#### [Work order]
Your answer must be only the lines below from the one containing "this 1344×1512 image." through the one containing "Some of the words", copied exactly, with the pictures left out.

#### [Data shown]
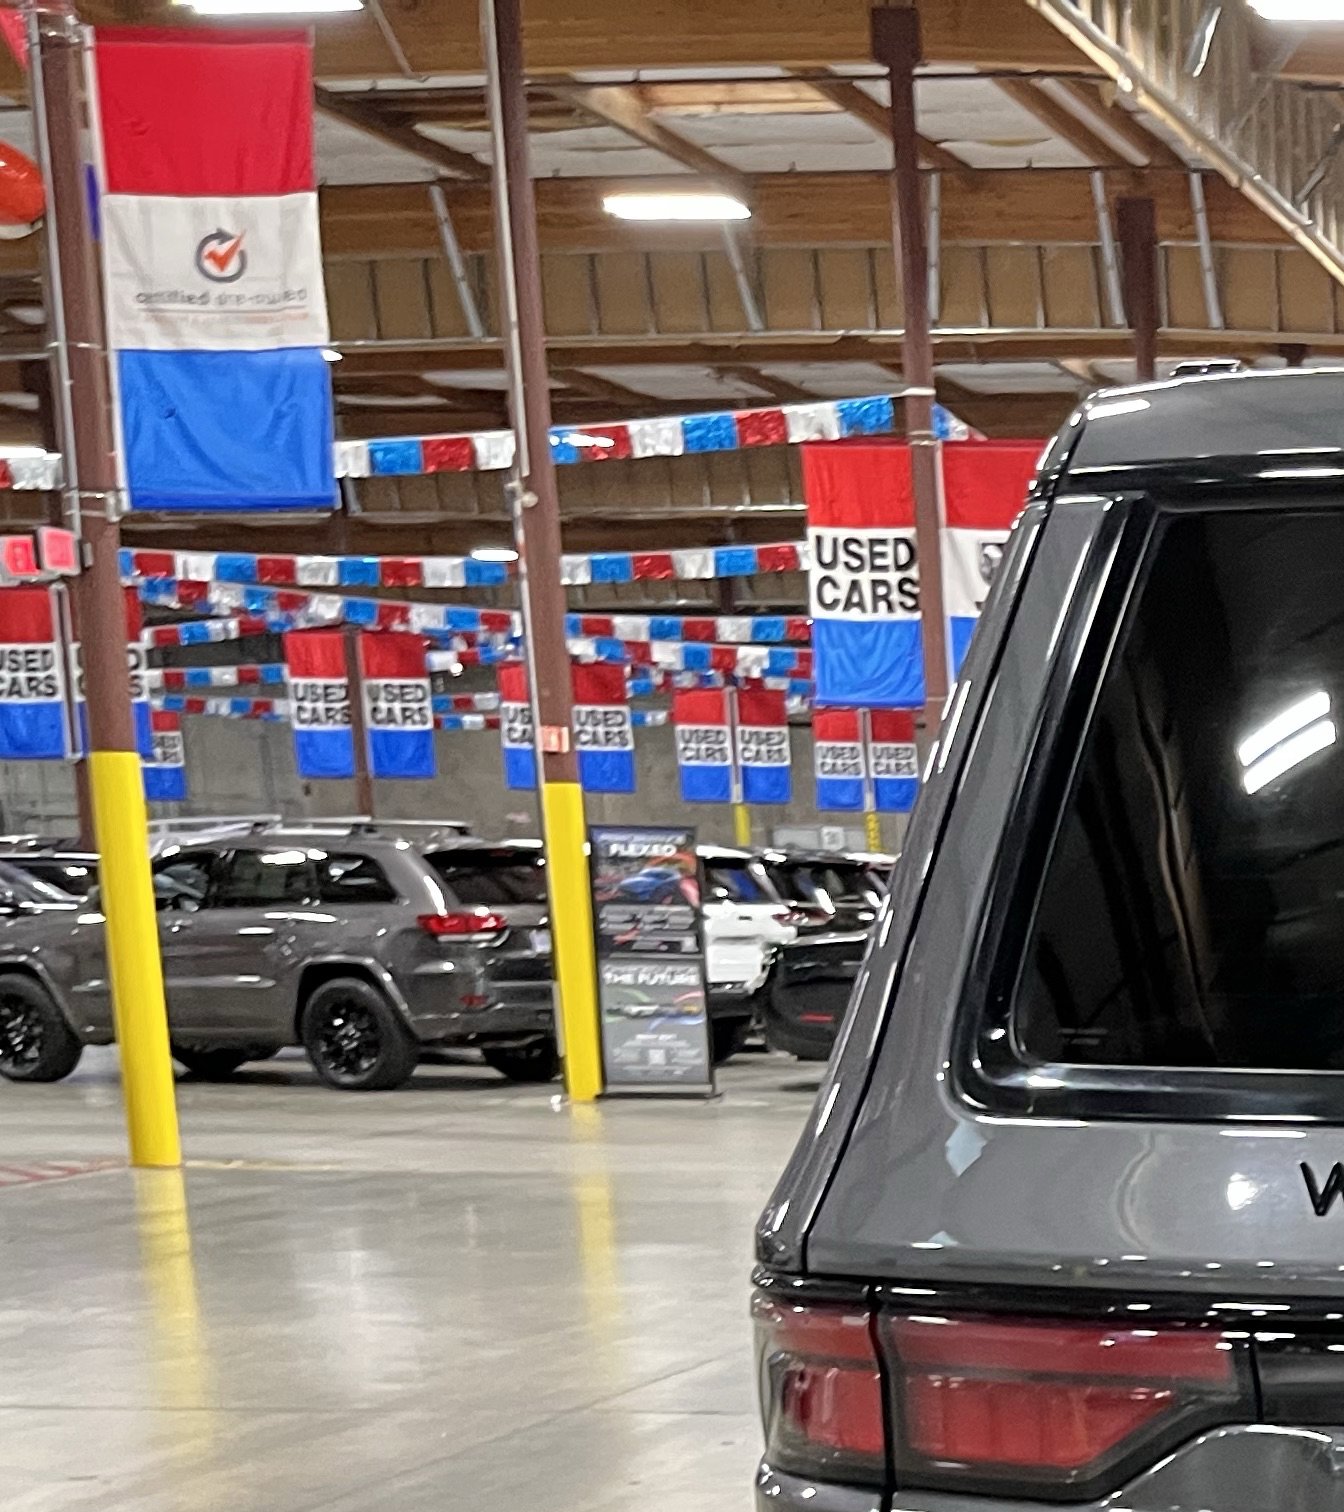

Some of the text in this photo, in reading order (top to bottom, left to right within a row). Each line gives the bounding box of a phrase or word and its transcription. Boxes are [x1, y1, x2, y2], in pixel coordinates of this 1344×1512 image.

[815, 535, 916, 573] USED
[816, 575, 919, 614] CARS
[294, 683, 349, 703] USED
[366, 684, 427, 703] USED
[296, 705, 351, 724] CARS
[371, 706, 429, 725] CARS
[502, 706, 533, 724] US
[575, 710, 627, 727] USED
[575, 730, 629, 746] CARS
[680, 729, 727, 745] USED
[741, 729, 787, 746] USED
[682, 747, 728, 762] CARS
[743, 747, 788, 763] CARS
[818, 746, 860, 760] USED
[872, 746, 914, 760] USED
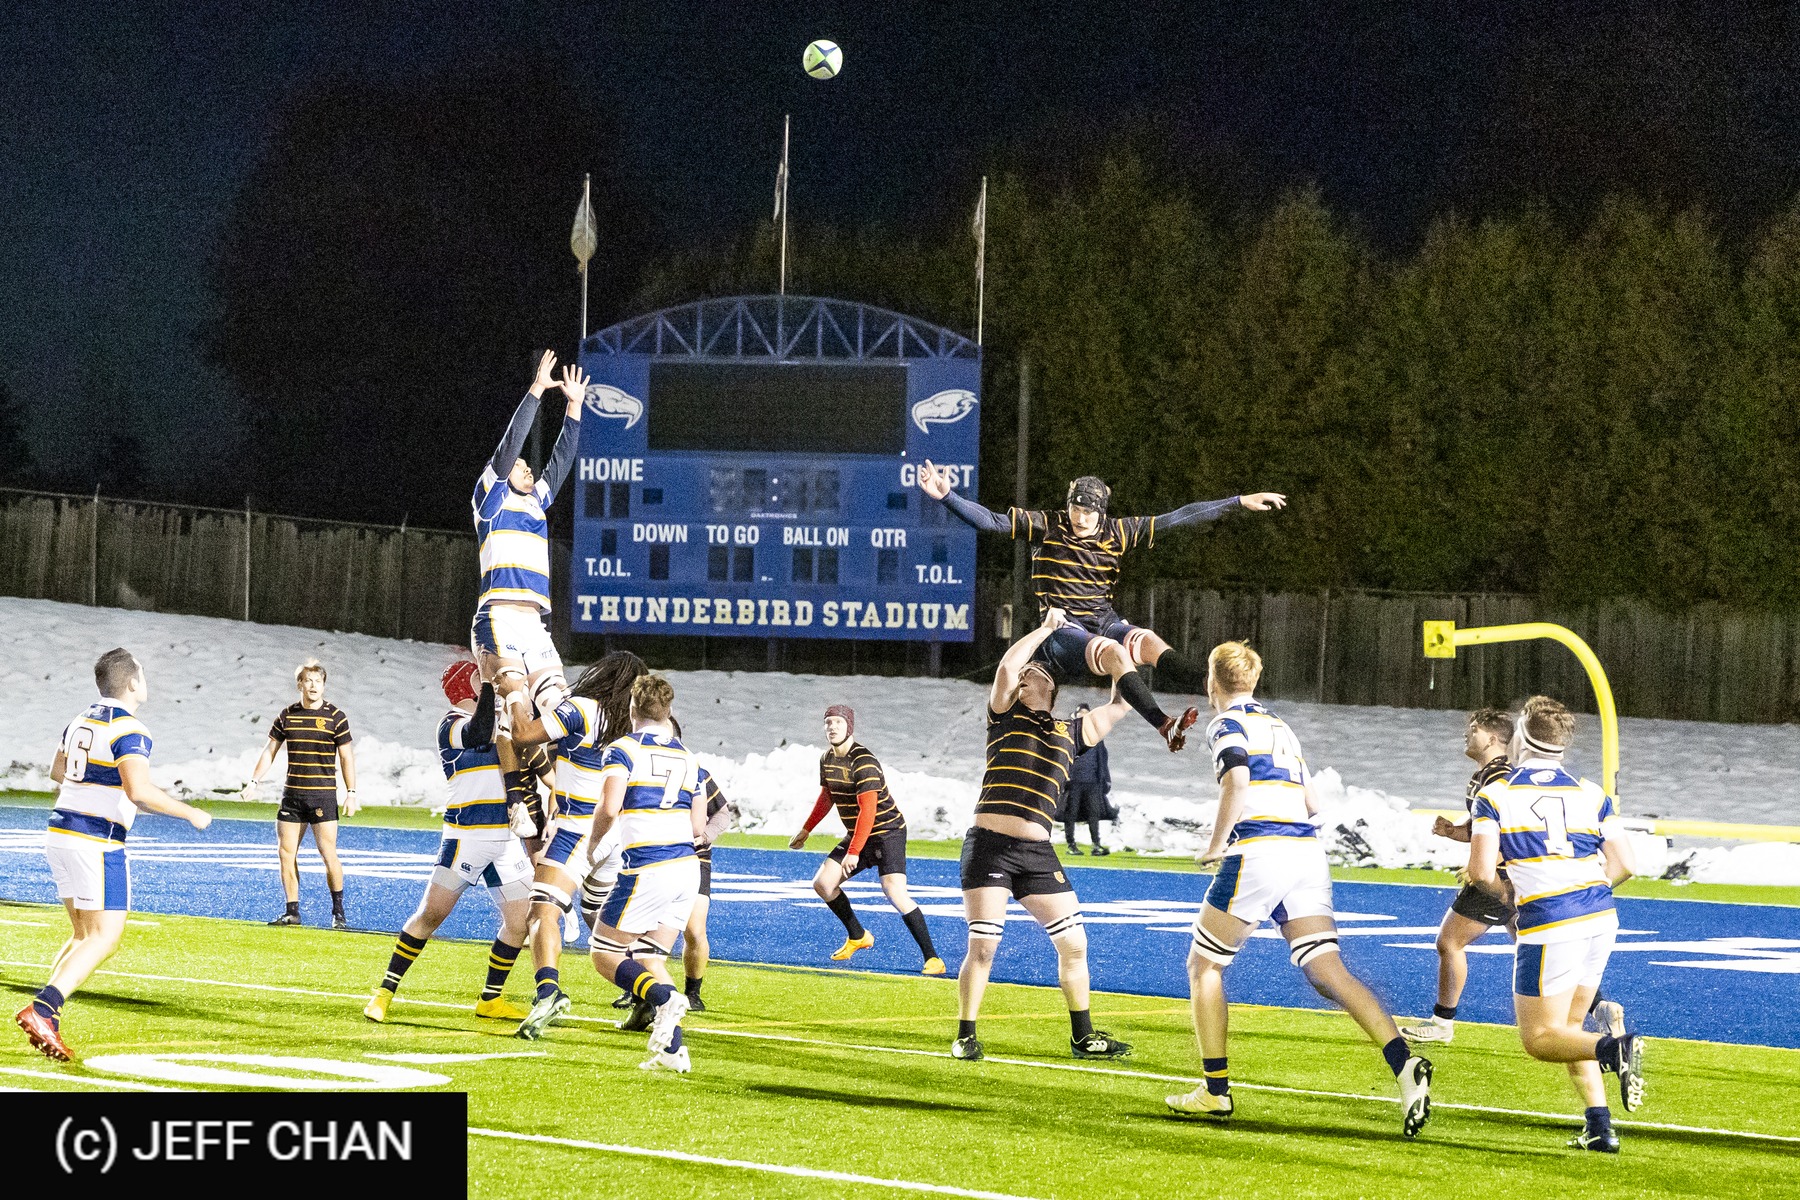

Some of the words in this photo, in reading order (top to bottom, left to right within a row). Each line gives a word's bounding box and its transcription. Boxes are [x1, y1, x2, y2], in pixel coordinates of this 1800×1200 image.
==
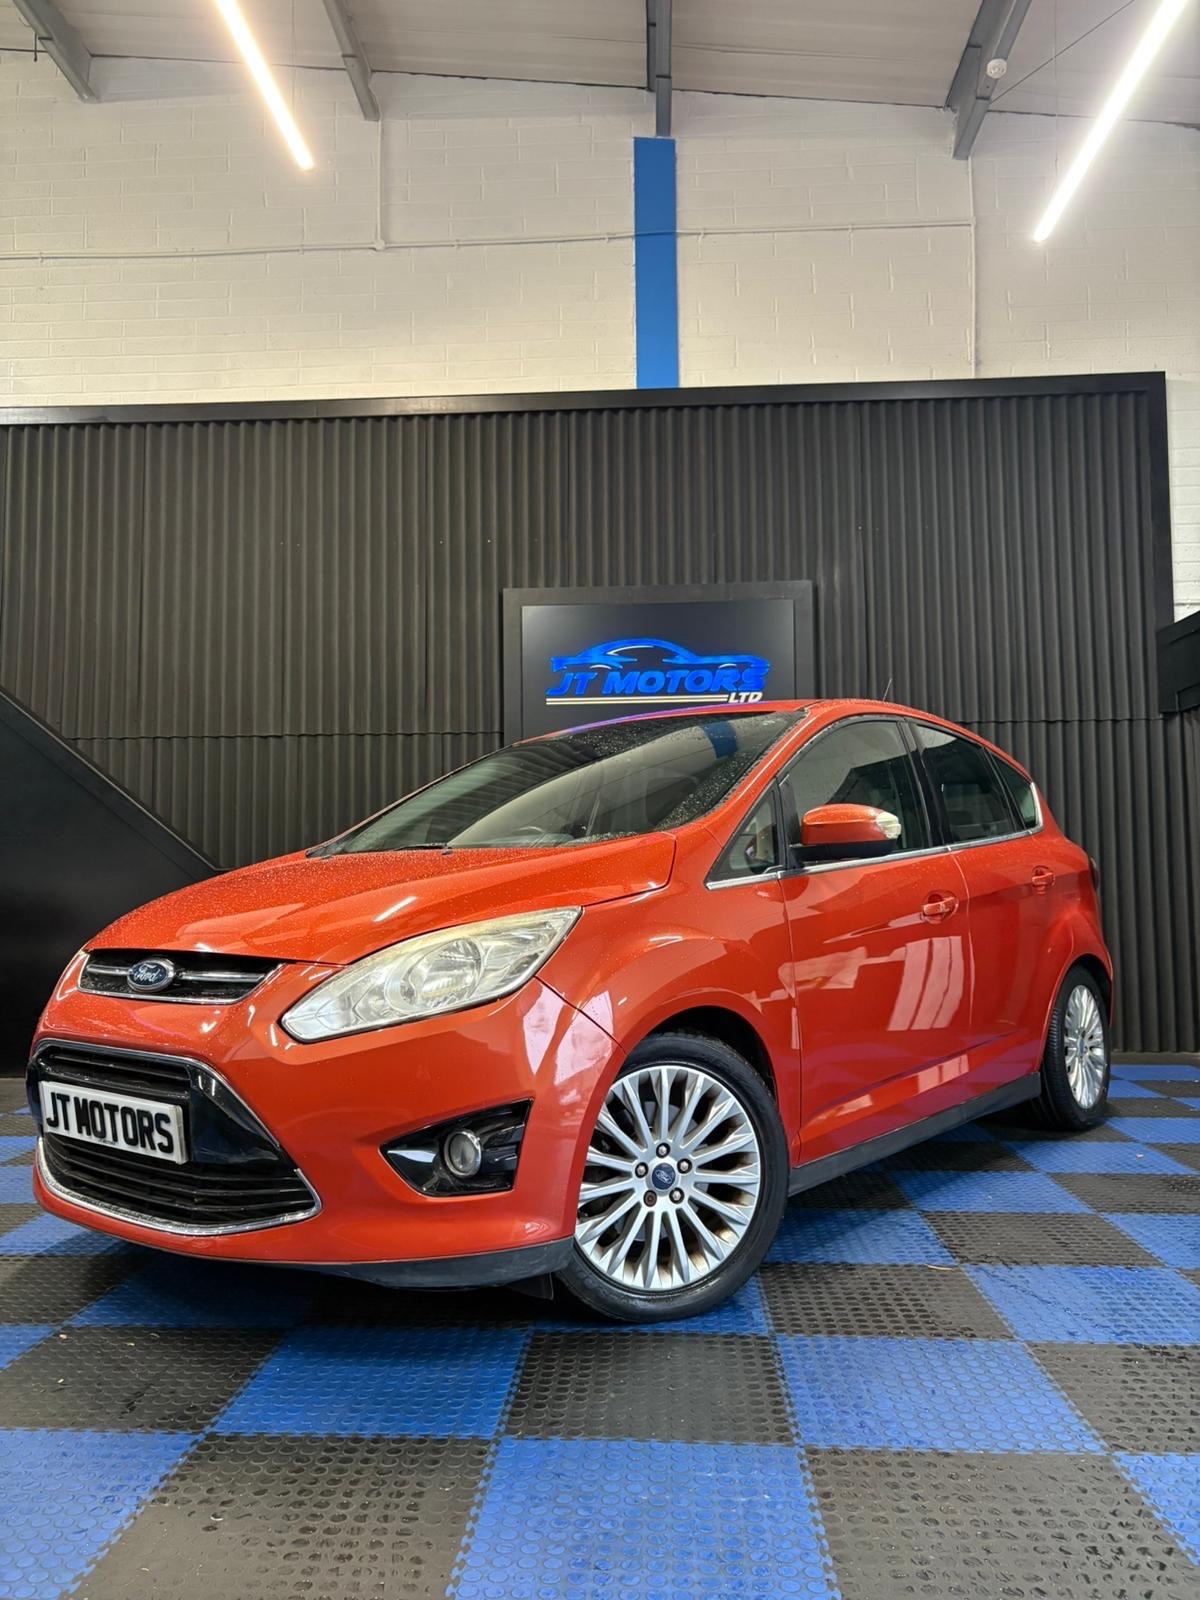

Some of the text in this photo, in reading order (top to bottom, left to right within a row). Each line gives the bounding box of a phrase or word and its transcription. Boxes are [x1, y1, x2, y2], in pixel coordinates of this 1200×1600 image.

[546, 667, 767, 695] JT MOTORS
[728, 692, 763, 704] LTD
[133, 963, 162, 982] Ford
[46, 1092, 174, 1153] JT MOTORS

#### [Solution to this task]
Some of the text in this photo, in reading order (top to bottom, left to right within a row). Each line gives the bounding box of a phrase or word and its transcription. Boxes are [x1, y1, x2, y2], in pixel coordinates of this 1344×1512 image.

[815, 535, 916, 573] USED
[816, 575, 919, 614] CARS
[294, 683, 349, 703] USED
[366, 684, 427, 703] USED
[296, 705, 351, 724] CARS
[371, 706, 429, 725] CARS
[502, 706, 533, 724] US
[575, 710, 627, 727] USED
[575, 730, 629, 746] CARS
[680, 729, 727, 745] USED
[741, 729, 787, 746] USED
[682, 747, 728, 762] CARS
[743, 747, 788, 763] CARS
[818, 746, 860, 760] USED
[872, 746, 914, 760] USED

Some of the words in this photo, in reading order (top to bottom, left to right within a row). Each line gives a word's bounding box and its transcription. Boxes are [x1, y1, x2, y2], in pixel coordinates of this 1800×1200 image.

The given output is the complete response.